EXCLUSIVE: The results are in, and Tracker is still top dog at CBS.

The Justin Hartley-led series is leading the charge for the network’s scripted premieres in 35-day multi-platform viewing, just as it was in seven-day numbers.

The second episode of the series, which aired during CBS’ premiere week for all other scripted programming, is up to 17.3M multi-platform viewers after 35 days, adding another 5M viewers from its seven-day audience.

CBS is looking to the second episode of Tracker for its premiere week ratings, since the series debuted after Super Bowl LVIII. While the premiere has amassed an impressive 33M viewers since it aired after the Kansas City Chiefs’ second consecutive win, it’s not necessarily a great indicator of how the series has been performing overall. That second episode, though, is a better metric for the audience the series retained as it settled into that Sunday primetime slot.

According to CBS, Tracker is also the network’s most-streamed series to date on Paramount+. The series is also up 109% in 35-day viewing compared to that time slot last year, which was held by East New York.

Overall, CBS is up 10% year-over-year for the week of February 12 to 18 versus that week in 2023 with five series reaching an audience of 12M viewers or more in the 35-day window.

Of course, this is aided by the return of many of the network’s heavy hitters after the dual strikes, considering Young Sheldon (13.6M viewers), NCIS (12.9M viewers), Ghosts (12.9M viewers) and FBI (12.3M viewers) were the other four shows to surpass that threshold.

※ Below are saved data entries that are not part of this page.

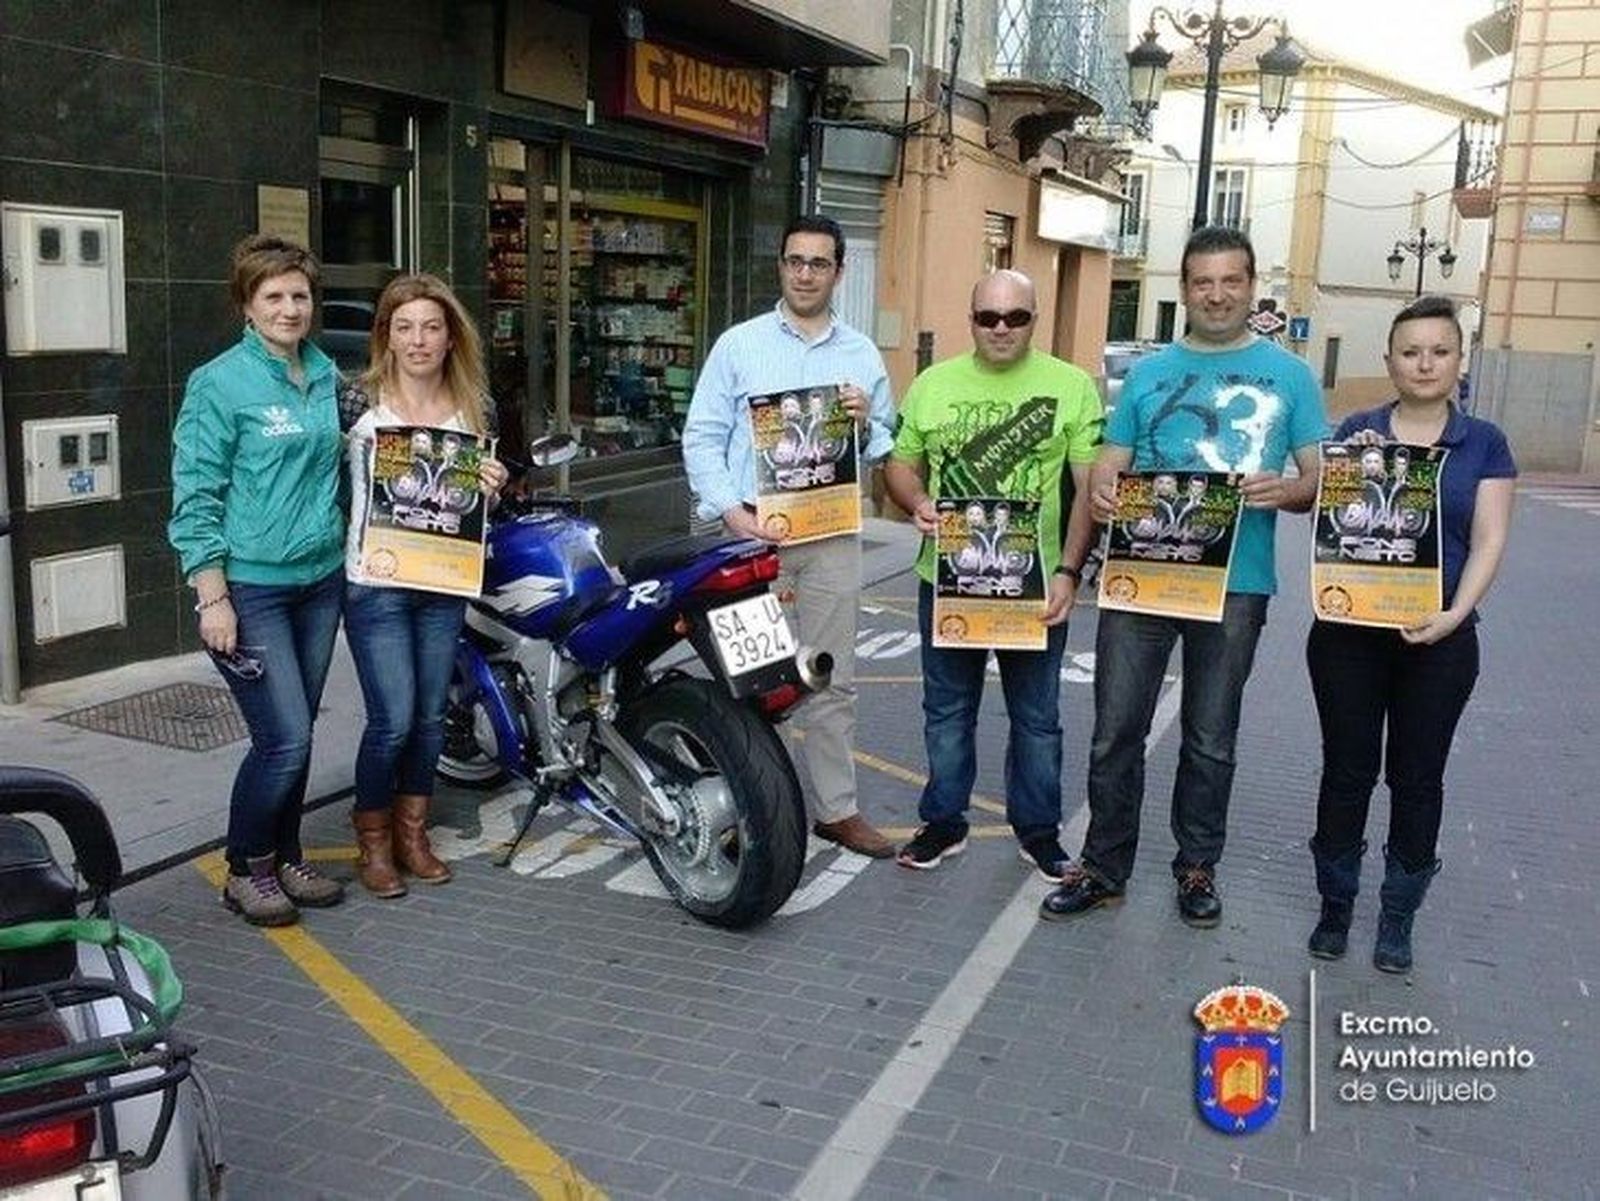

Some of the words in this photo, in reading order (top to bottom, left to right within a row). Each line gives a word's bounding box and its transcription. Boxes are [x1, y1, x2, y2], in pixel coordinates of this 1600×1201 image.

[673, 54, 763, 118] TABACOS
[466, 125, 477, 148] 5
[729, 628, 787, 669] 3924
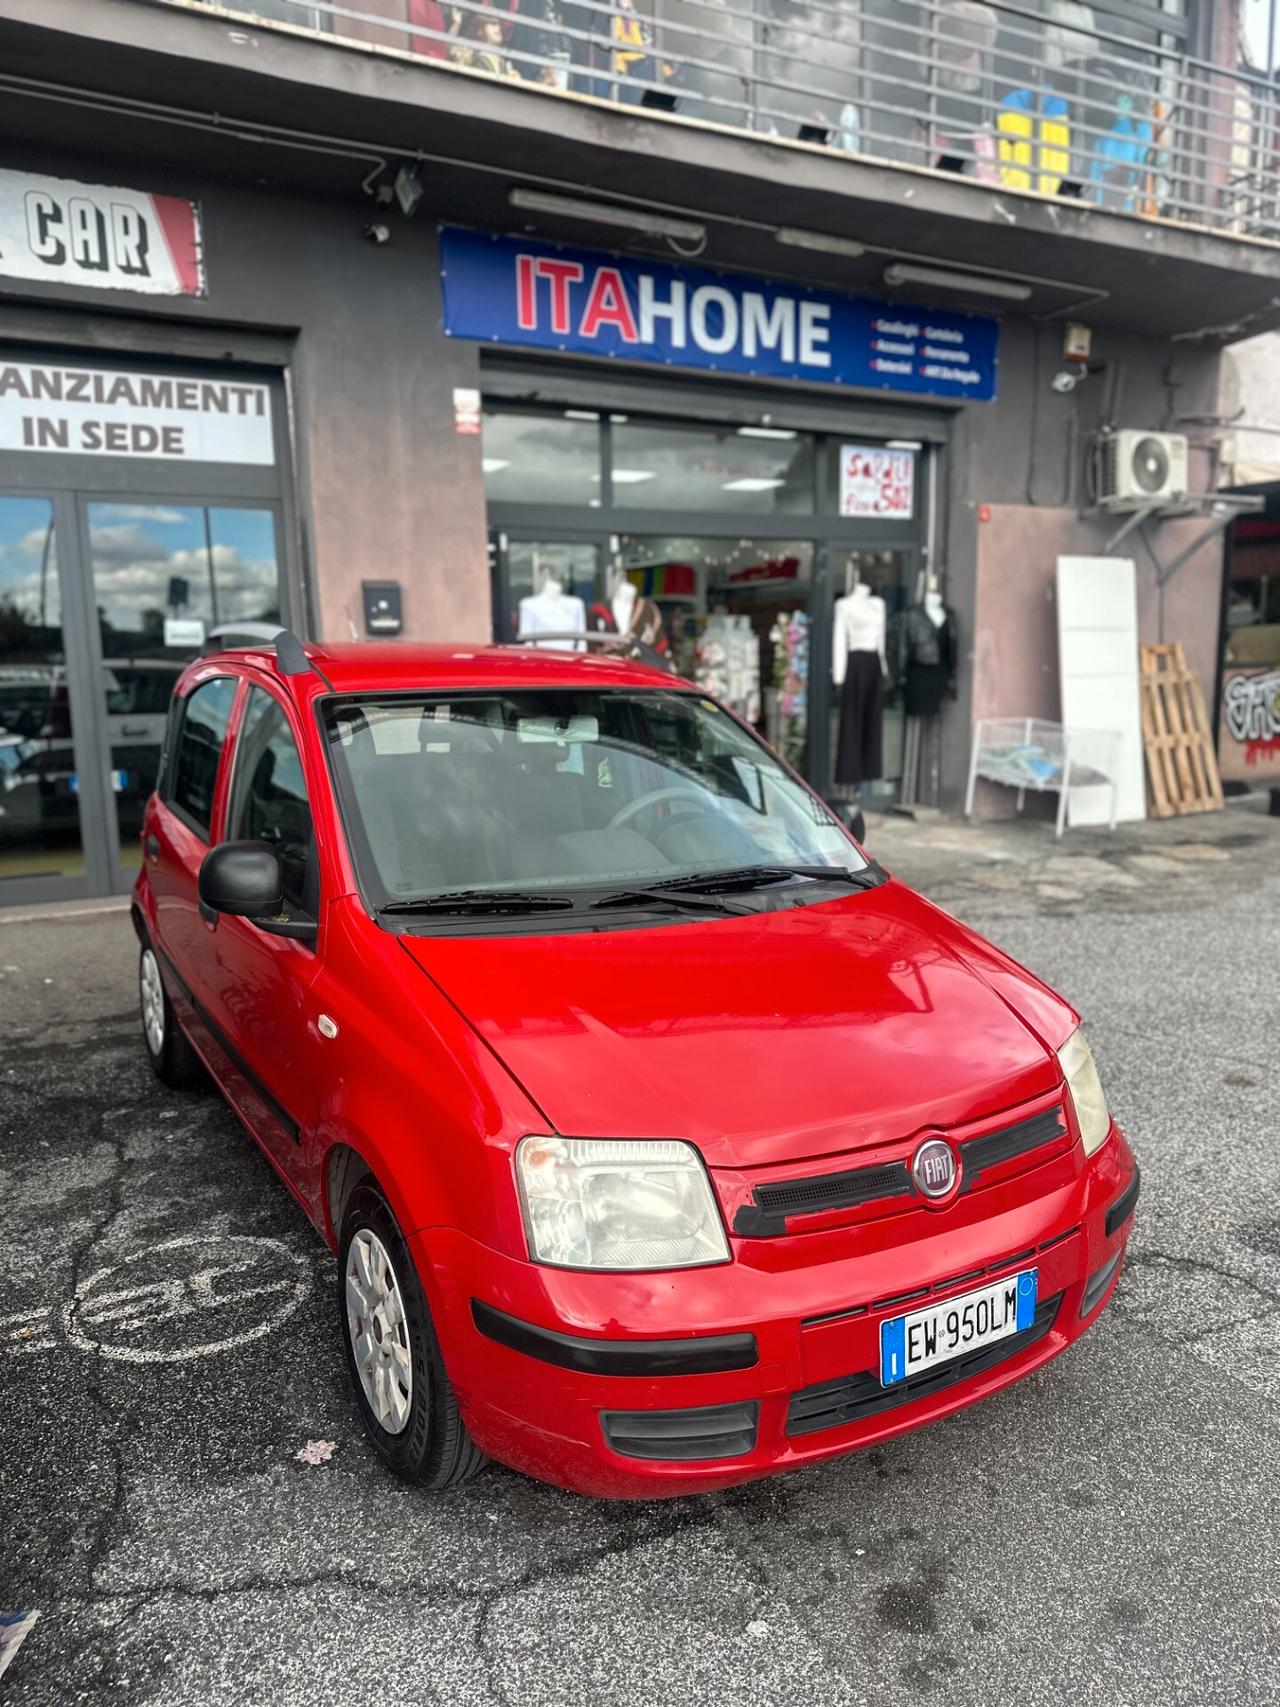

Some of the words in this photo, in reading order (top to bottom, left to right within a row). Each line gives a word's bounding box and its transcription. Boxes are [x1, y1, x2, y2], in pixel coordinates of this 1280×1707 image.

[24, 190, 152, 278] CAR
[516, 254, 831, 368] ITAHOME
[22, 416, 69, 448] IN
[81, 420, 185, 454] SEDE
[924, 1154, 949, 1185] FIAT
[907, 1317, 938, 1364] EW
[946, 1287, 1017, 1348] 950LM
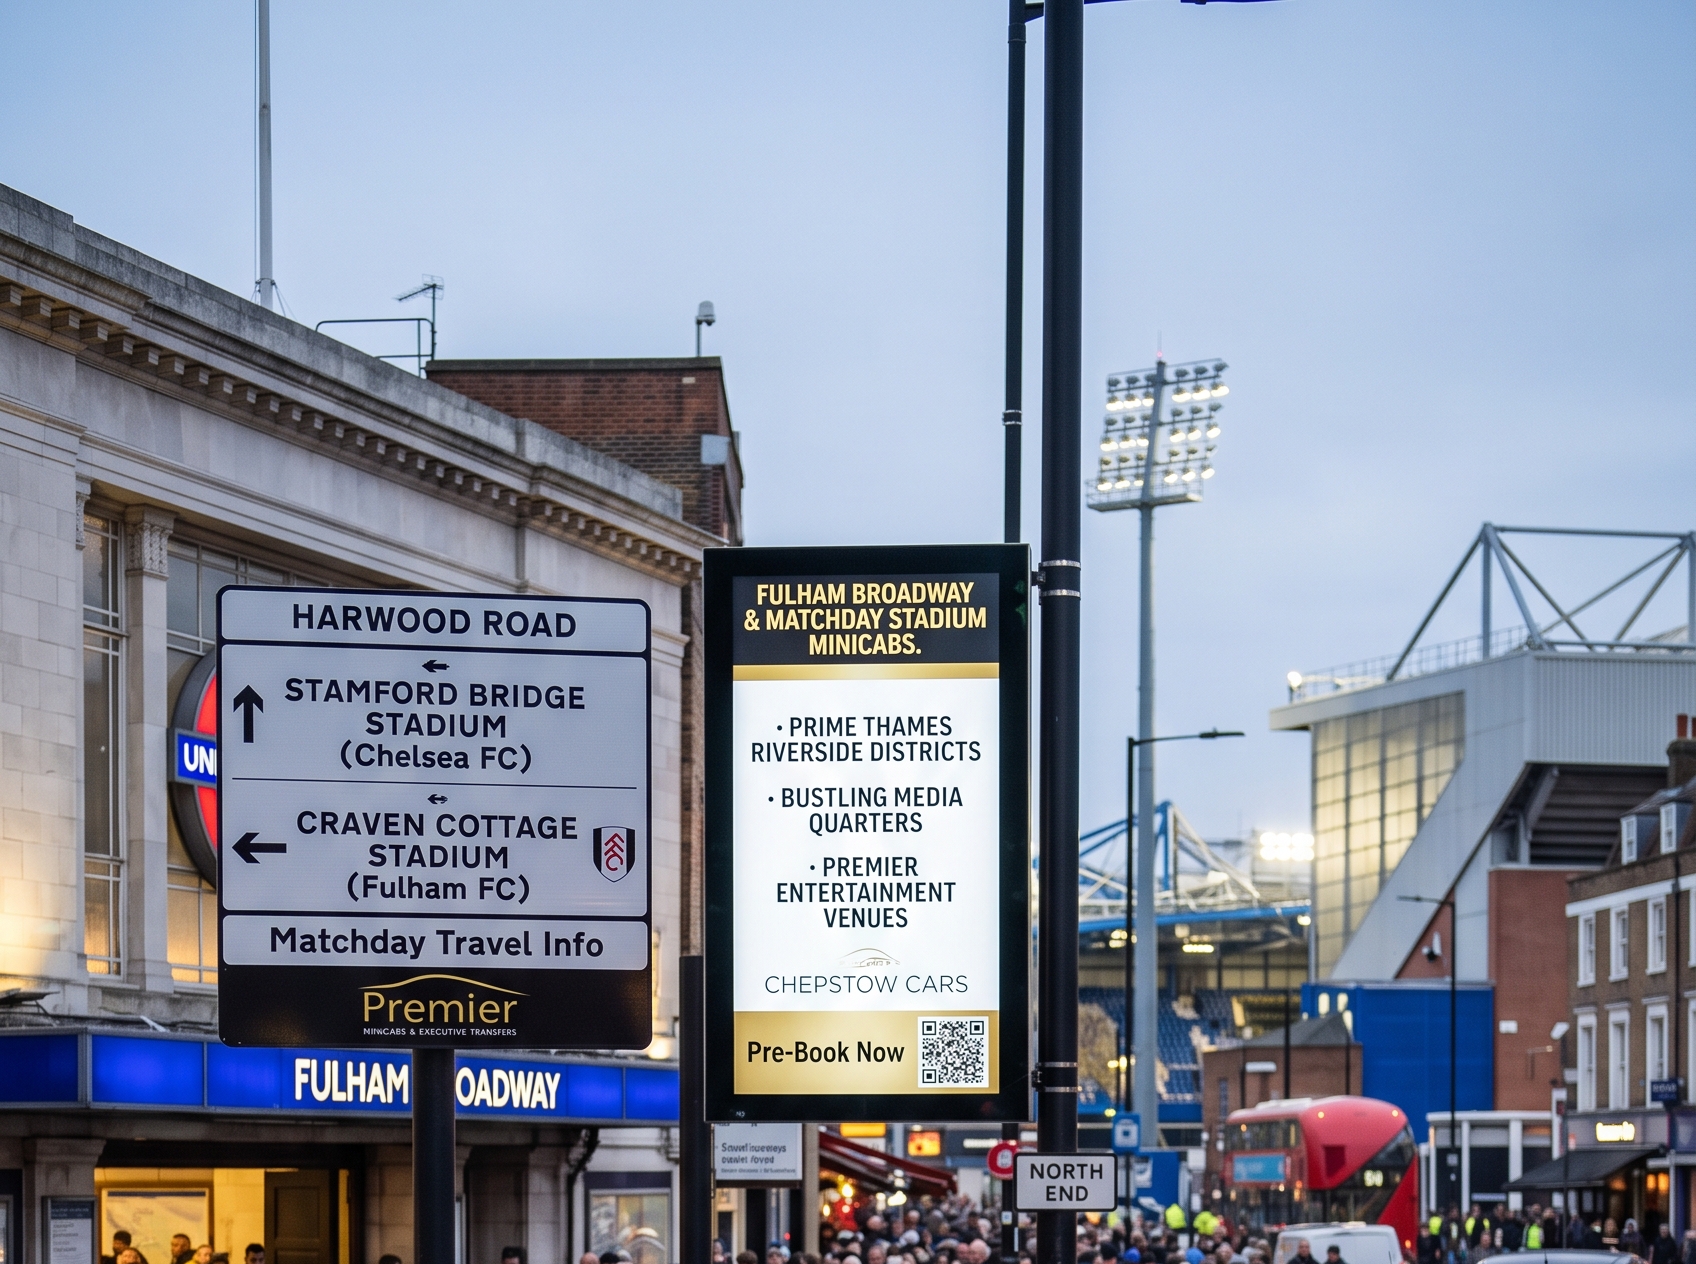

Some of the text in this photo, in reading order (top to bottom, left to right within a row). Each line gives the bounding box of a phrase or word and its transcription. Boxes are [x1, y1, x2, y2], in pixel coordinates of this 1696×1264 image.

Young Sheldon actually soared past NCIS in the 35-day viewing after the procedural had settled into second place for premiere week in the seven-day window.

Two more series, Fire Country and Blue Bloods, managed to make it past the 11M viewer mark, while another three — NCIS: Hawai’i, FBI: Most Wanted and The Equalizer — hit 10M or more.

All of these series premieres added about one to two million viewers from their seven-day numbers, which is still a hefty audience increase considering they were all past the 10M mark after that first week.

Viewing generally slows down considerably for broadcast shows after the first week, because much of the audience still tends to watch one episode before the next airs — even if they aren’t watching live.